The use of toroidal transformers for single-phase starting devices is not necessary and is dictated only by their best weight and dimensions (weight about 13 kg). At the same time, the technology for manufacturing a starting device based on them is the most labor-intensive.The calculation of the starting device transformer has some features. For example, the calculation of the number of turns per 1 V of operating voltage, made according to the formula: T = 30/Sct (where Sct is the cross-sectional area of the magnetic circuit), is explained by the desire to “squeeze” the maximum possible out of the magnetic circuit to the detriment of efficiency. This is justified by its short-term (5 - 10 seconds) operating mode. If dimensions do not play a decisive role, you can use a more gentle mode by calculating using the formula: T = 35/Sct. The magnetic core is then taken with a cross-section that is 25 - 30% larger.
The power that can be “removed” from the manufactured PU is approximately equal to the power of the three-phase asynchronous electric motor from which the transformer core is made.
When using a powerful starting device in a stationary version, according to safety requirements, it must be grounded. The handles of the connecting pliers must be rubber insulated. To avoid confusion, it is advisable to mark the “plus” part, for example, with red electrical tape.
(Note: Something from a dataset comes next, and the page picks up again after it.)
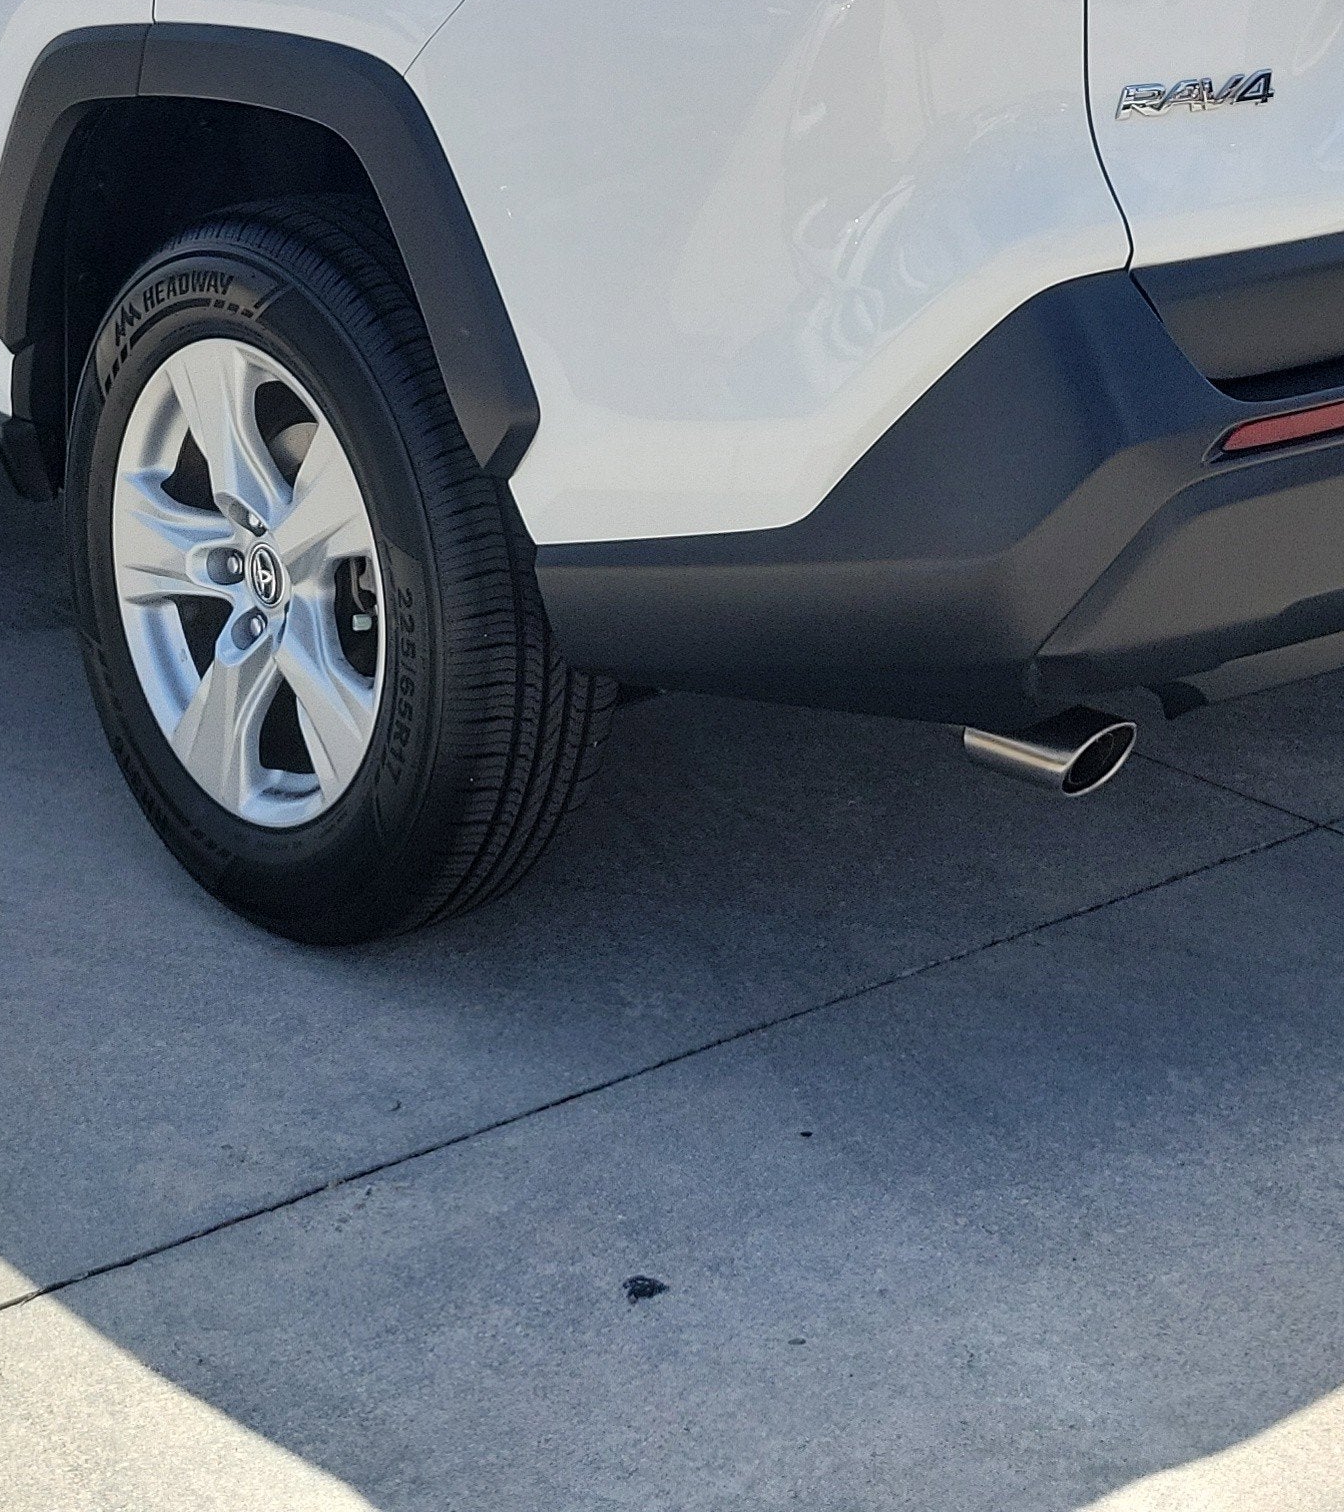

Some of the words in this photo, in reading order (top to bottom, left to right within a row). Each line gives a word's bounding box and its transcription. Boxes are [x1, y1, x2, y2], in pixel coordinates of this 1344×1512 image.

When starting, the battery does not need to be disconnected from the starter. In this case, the clamps are connected to the corresponding terminals of the battery. To avoid overcharging the battery, the starting device is immediately turned off after starting the engine.
Hello all readers. Today we will consider the option of building a powerful switching power supply that provides an output current of up to 60 Amps at a voltage of 12 Volts, but this is far from the limit; if desired, you can pump out currents of up to 100 Amps, this will give you an excellent starting and charger.
The circuit is a typical push-pull half-bridge network, step-down switching power supply, this is the full name of our block. our favorite microcircuit IR2153 is used as a master oscillator. The output is supplemented with a driver, essentially a regular repeater based on complementary pairs BD139/140. Such a driver can control several pairs of output switches, which will make it possible to remove more power, but in our case there is only one pair of output transistors. 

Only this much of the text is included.